Would you transcribe the data word for word?

#### Raw data

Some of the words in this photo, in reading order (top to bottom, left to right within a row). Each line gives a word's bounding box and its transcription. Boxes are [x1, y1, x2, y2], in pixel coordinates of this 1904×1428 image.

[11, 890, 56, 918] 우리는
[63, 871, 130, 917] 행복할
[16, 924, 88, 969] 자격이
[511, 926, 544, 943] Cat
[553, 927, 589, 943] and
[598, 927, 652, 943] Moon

########

## Result
Some of the words in this photo, in reading order (top to bottom, left to right within a row). Each line gives a word's bounding box and its transcription. Boxes are [x1, y1, x2, y2], in pixel coordinates of this 1904×1428 image.

[11, 890, 56, 918] 우리는
[63, 871, 130, 917] 행복할
[16, 924, 88, 969] 자격이
[511, 926, 544, 943] Cat
[553, 927, 589, 943] and
[598, 927, 652, 943] Moon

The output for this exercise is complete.